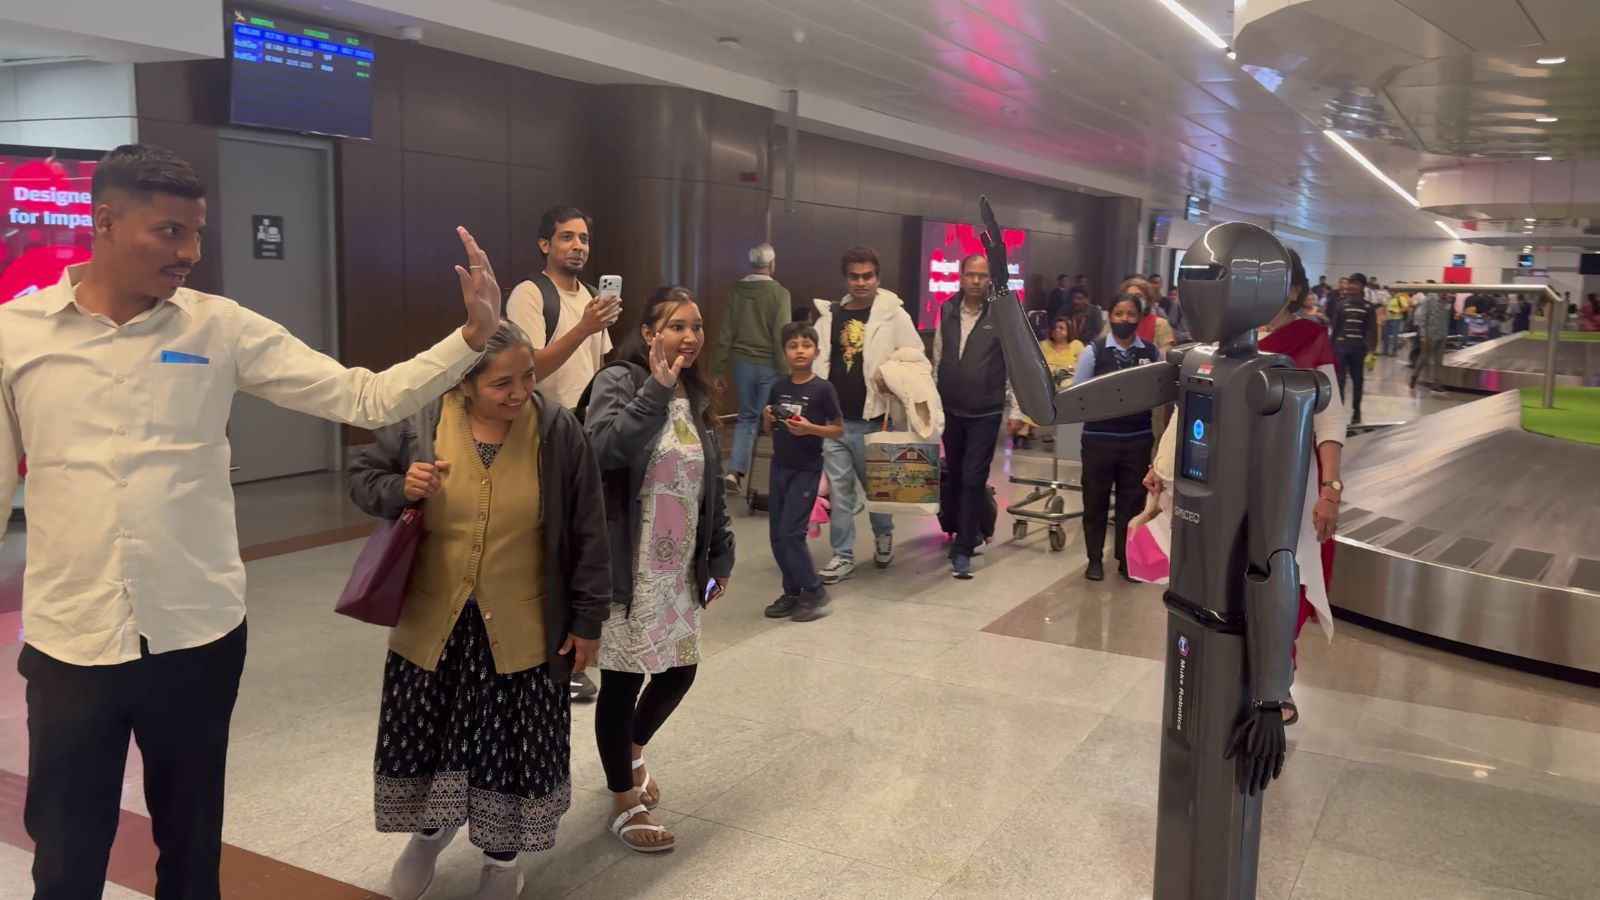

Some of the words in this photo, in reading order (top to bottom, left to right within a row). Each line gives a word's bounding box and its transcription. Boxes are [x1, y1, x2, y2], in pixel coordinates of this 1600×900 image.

[14, 186, 92, 206] Designe
[9, 208, 39, 224] for
[43, 211, 93, 229] Impa
[1177, 687, 1185, 731] Robotics
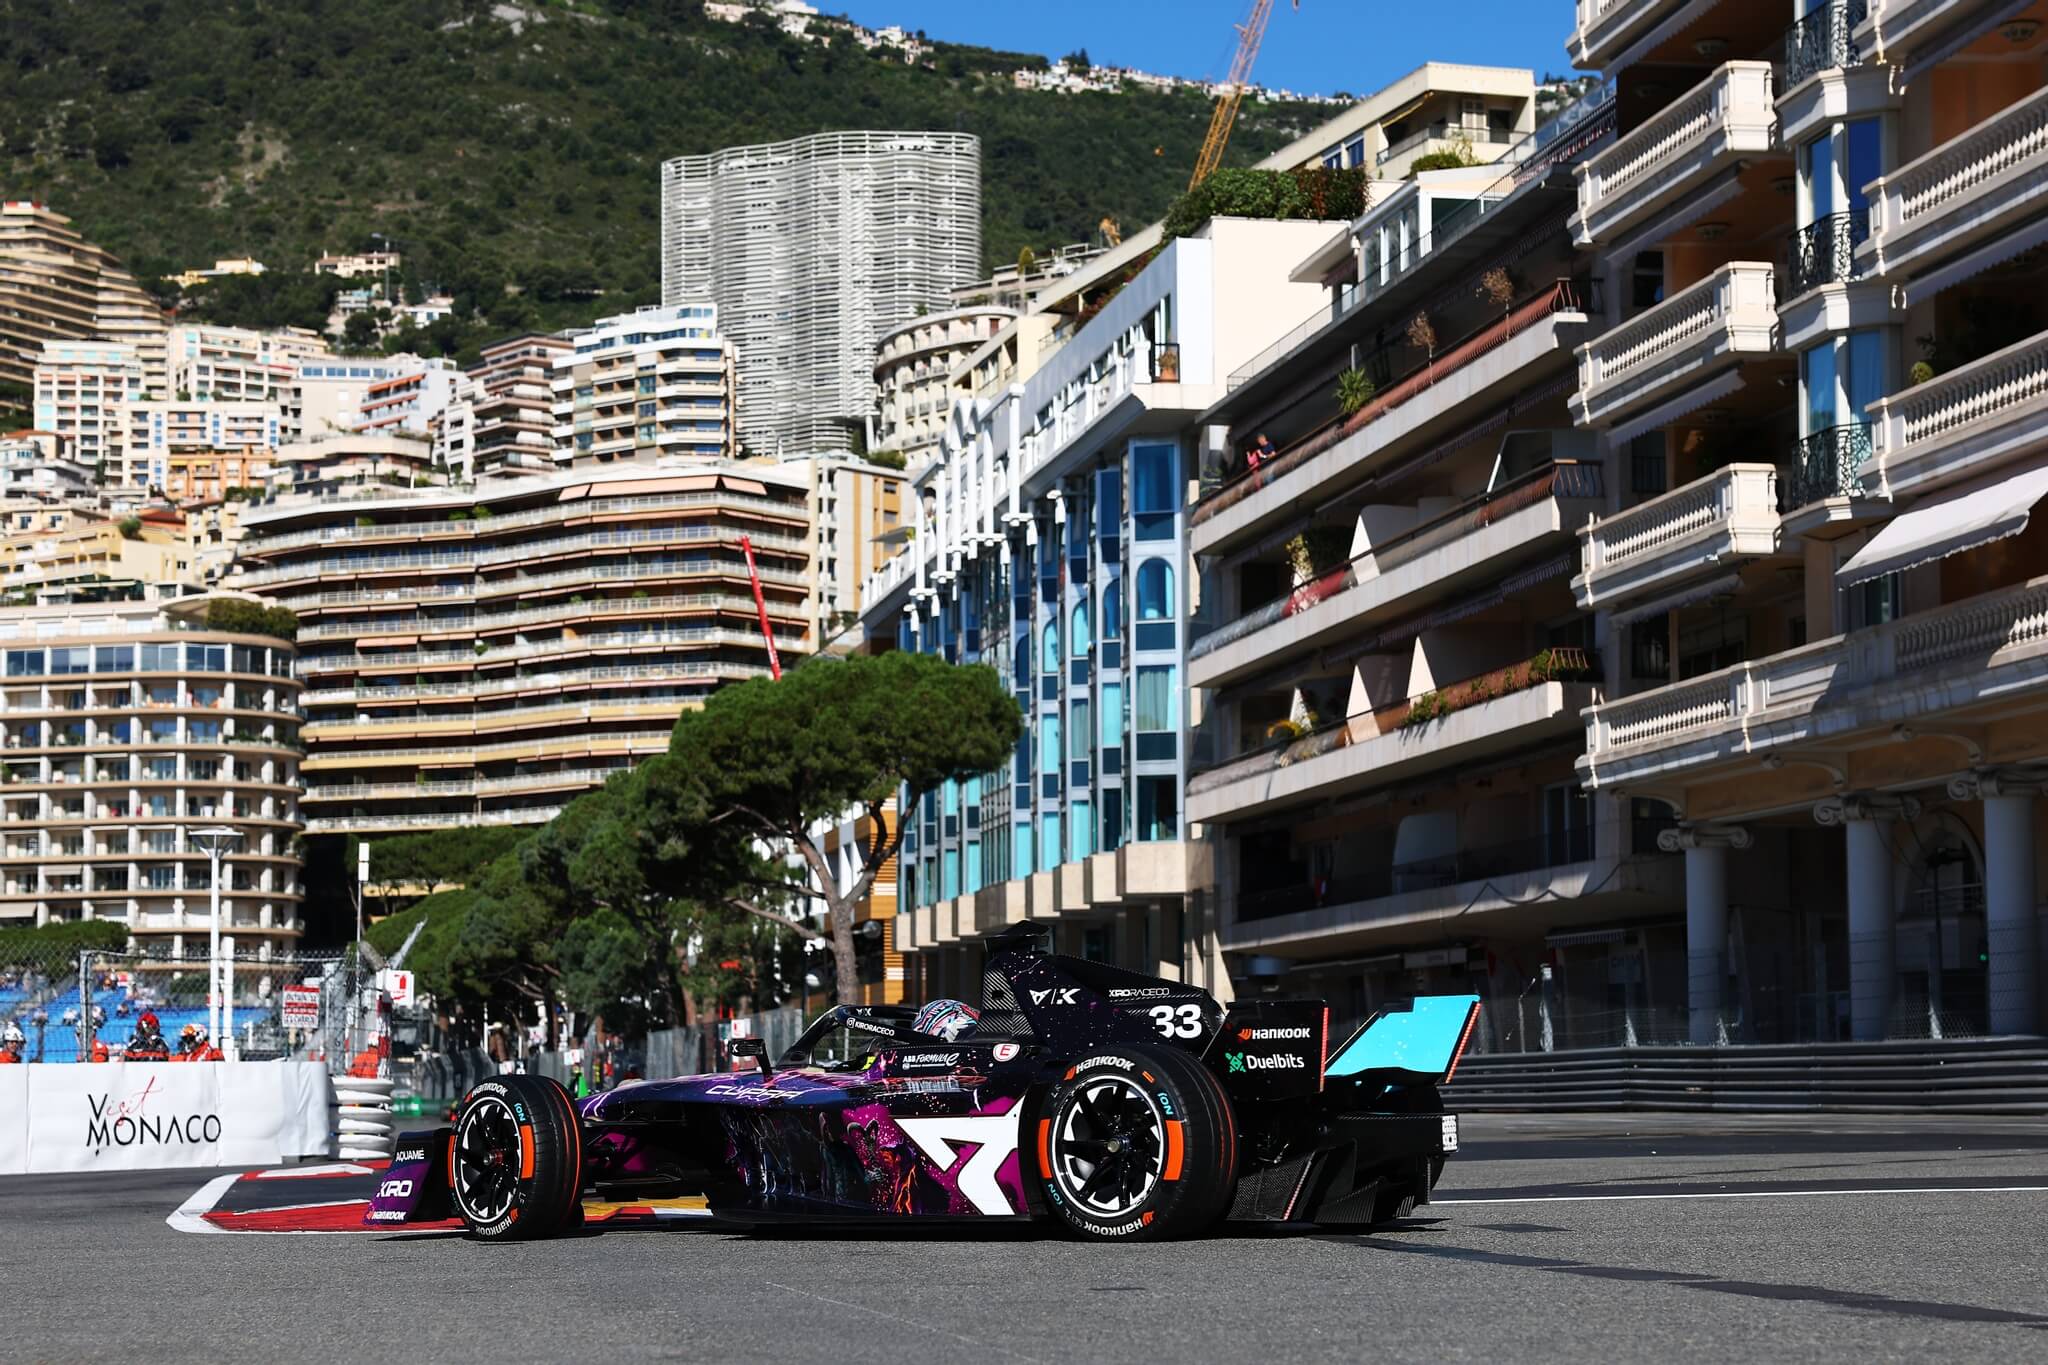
-- -- --
(Assigned task) Without changing a single word, set down all of the material again and leave out its pictures.

(Solution to this task)
Some of the words in this photo, in reading order (top to bottom, left to right within a row). Each line gives a word's bounding box and its transcription. Boxes are [x1, y1, x2, y2], in pixel coordinates of this 1600×900 image.

[14, 186, 92, 206] Designe
[9, 208, 39, 224] for
[43, 211, 93, 229] Impa
[1177, 687, 1185, 731] Robotics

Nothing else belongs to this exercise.